Argentina’s central bank actively defended the peso by using its foreign exchange reserves and by raising its key policy rate three times in a week (27 April, 4 May, and 5 May) to reach 40%. The peso got a significant boost on May 16 following the successful rollover of $26 billion worth of short-term, peso-denominated securities known as Lebacs.
However, the rate hikes and the rollover seem to be temporary defenses. The peso slid again, hitting 28.45 per dollar on 15 June, forcing the new economy minister to announce a revised ceiling of 28-29.
The government finally turned to the International Monetary Fund (IMF) and reached an agreement for a $50 billion rescue stabilization package on 8 June. The IMF package may calm the markets and provide much-needed foreign reserves replenishment with its first disbursement of $15 billion.
Another falling emerging market currency is the Turkish lira. Its sharp depreciation, combined with rising energy prices, pushed inflation into double-digit territory which eroded investor confidence, prompting credit-rating downgrades from Moody’s in March and Standard & Poor’s in May.
Policy rate hikes implemented in April and May failed to stem inflation and prevent a further currency slide amid market uncertainty over the direction of monetary policy.
The central bank announced a plan to simplify its multi-rate structure to just one policy rate effective 1 June to reinforce its commitment to address inflation and to stabilize the currency. Promisingly, first quarter GDP growth was higher than expected at 7.4% year-on-year.
Most emerging Asian currencies have depreciated against the US dollar this year (Figure 3), driven primarily by a general strengthening of the dollar due to the robust US economy and higher interest rates.
The drop has been relatively limited and largely anticipated as global investors pulled back from emerging markets seeking better returns in the US. Central banks in the region have also slightly intervened to defend their local currencies.
Market-specific factors affected currencies in Indonesia, India, and the Philippines. Current account deficits and inflationary pressures were some of the factors.
The three countries raised their respective policy rates in tandem with the US rate hikes. On 17 and 30 May, Indonesia raised rates by a total of 50 basis points; India raised rates by 25 basis points on 6 June, and the Philippines by 25 basis points on 20 June.

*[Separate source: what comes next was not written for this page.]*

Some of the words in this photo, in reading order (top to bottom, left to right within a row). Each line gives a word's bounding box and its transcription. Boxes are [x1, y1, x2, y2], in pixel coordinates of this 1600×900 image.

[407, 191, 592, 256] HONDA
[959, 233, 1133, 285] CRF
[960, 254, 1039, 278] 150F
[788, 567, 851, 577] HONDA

Asia can thank its relatively strong economic fundamentals for its continued stability despite higher US interest rates and a stronger dollar.

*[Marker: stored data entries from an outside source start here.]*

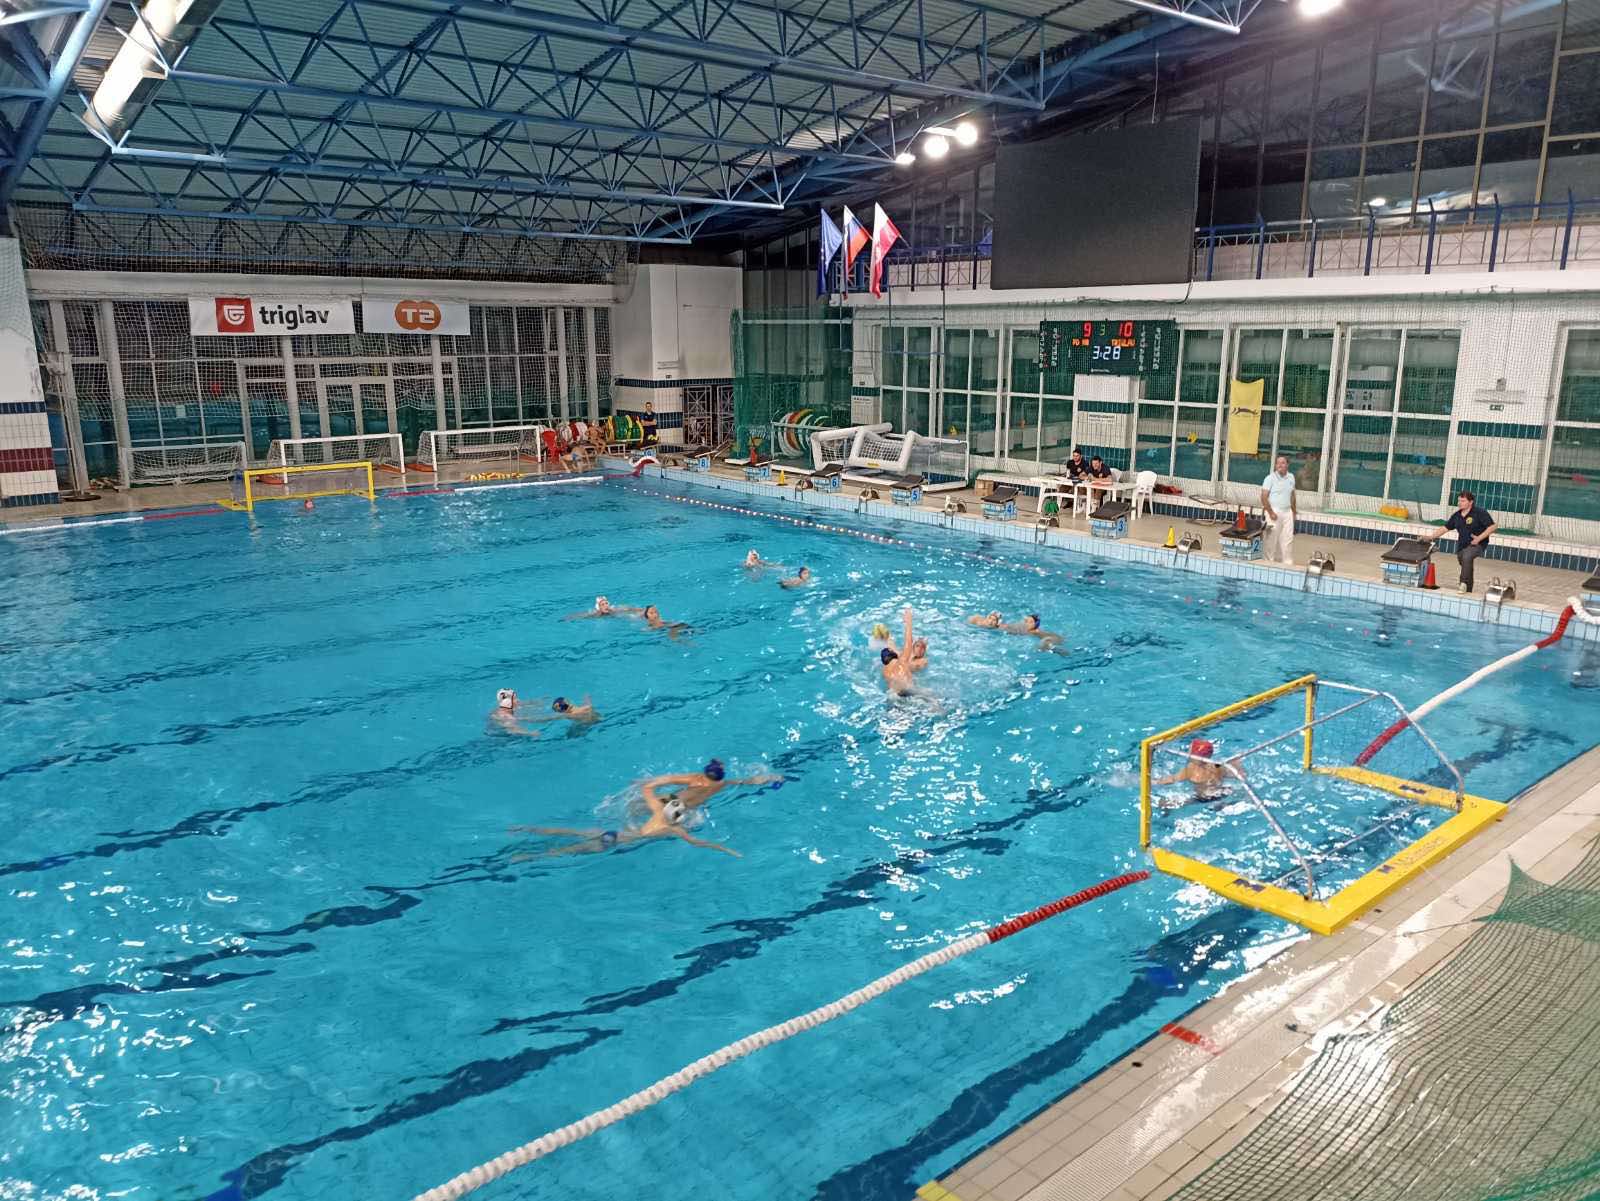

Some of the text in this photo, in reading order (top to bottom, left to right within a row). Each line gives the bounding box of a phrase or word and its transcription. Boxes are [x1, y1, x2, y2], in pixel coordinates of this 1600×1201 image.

[259, 304, 330, 331] triglav
[401, 308, 435, 323] T2
[1083, 322, 1092, 337] 9
[1119, 322, 1133, 337] 10
[1093, 345, 1121, 360] 3:28
[911, 489, 918, 500] 5
[1117, 519, 1124, 532] 3
[1253, 539, 1260, 553] 2
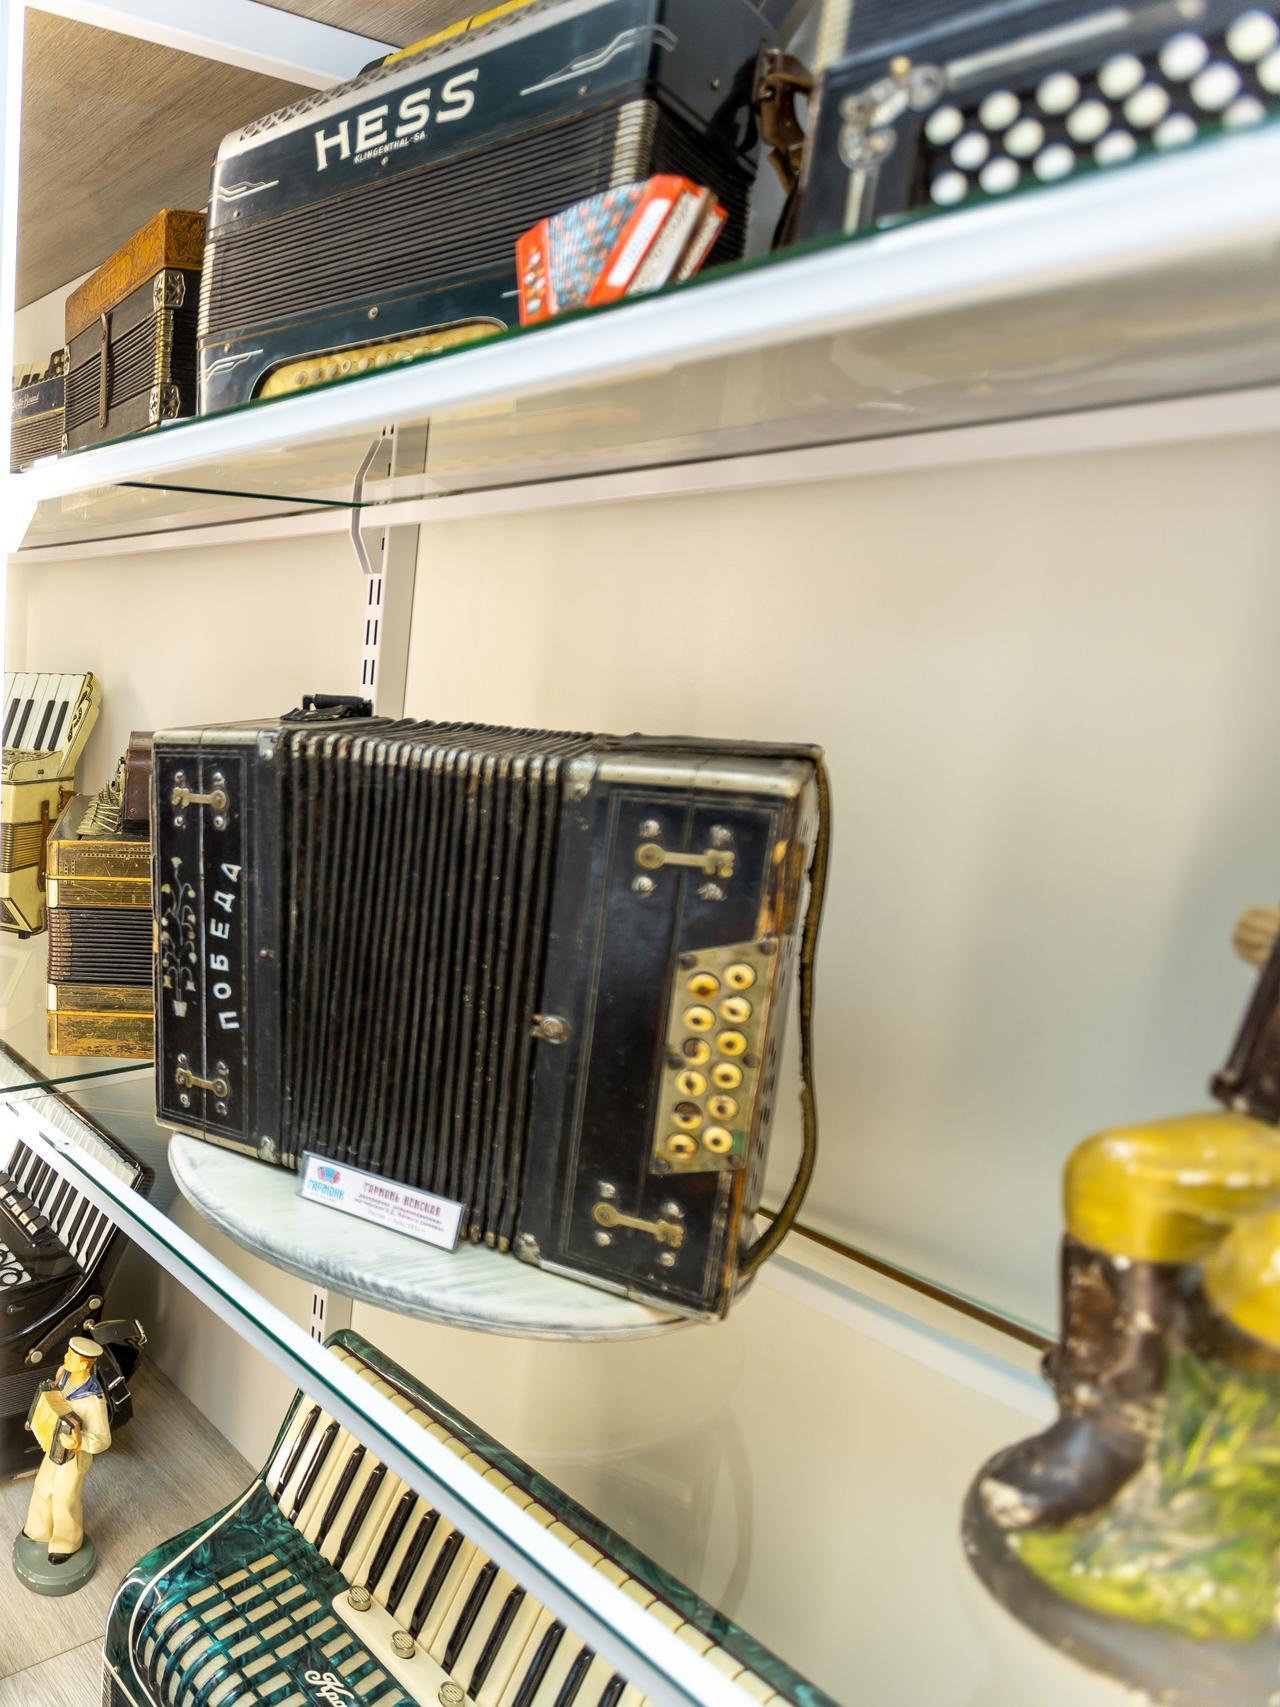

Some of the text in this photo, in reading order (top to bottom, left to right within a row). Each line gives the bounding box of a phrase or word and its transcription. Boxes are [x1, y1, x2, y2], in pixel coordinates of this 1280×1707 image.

[314, 68, 480, 172] HESS
[209, 862, 243, 1031] ПОБЕДА
[363, 1182, 400, 1203] ГАРМОНЬ
[404, 1195, 442, 1217] ВЕНСКАЯ

While it is true that Asian currencies have depreciated, this primarily reflects the broader strength of the dollar rather than country-specific weaknesses. Q1 2018 GDP growth was strong, business and consumer sentiment stayed positive, and inflation, a widely used indicator of macroeconomic stability, remains well below levels seen in Argentina and Turkey (Figure 4).
Other indicators—current account balances, external debt, short-term reserves and import cover—show a mixed picture.

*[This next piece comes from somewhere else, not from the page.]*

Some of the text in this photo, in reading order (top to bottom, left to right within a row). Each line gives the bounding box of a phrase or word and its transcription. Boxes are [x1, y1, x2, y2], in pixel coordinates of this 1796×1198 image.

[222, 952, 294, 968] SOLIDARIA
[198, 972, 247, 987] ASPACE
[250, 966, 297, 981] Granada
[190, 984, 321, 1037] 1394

Some emerging economies such as the People’s Republic of China, the Republic of Korea, Thailand, and Singapore are enjoying healthy current account surpluses. The Philippines, Indonesia, and India have current account deficits that are well below 2% of GDP and are backed up by enough reserves and import cover.
The risk of currency turmoil in emerging Asian economies seems relatively limited.
Nevertheless, the market turbulence in Argentina and Turkey is a stark reminder that they need to closely monitor external developments, maintain strong fundamentals, and keep an eye on liquidity conditions to protect financial stability.
After all, the region suffered a devastating currency crisis of its own two decades ago – an event that prompted the build-up of the strong fundamentals that serve it so well today.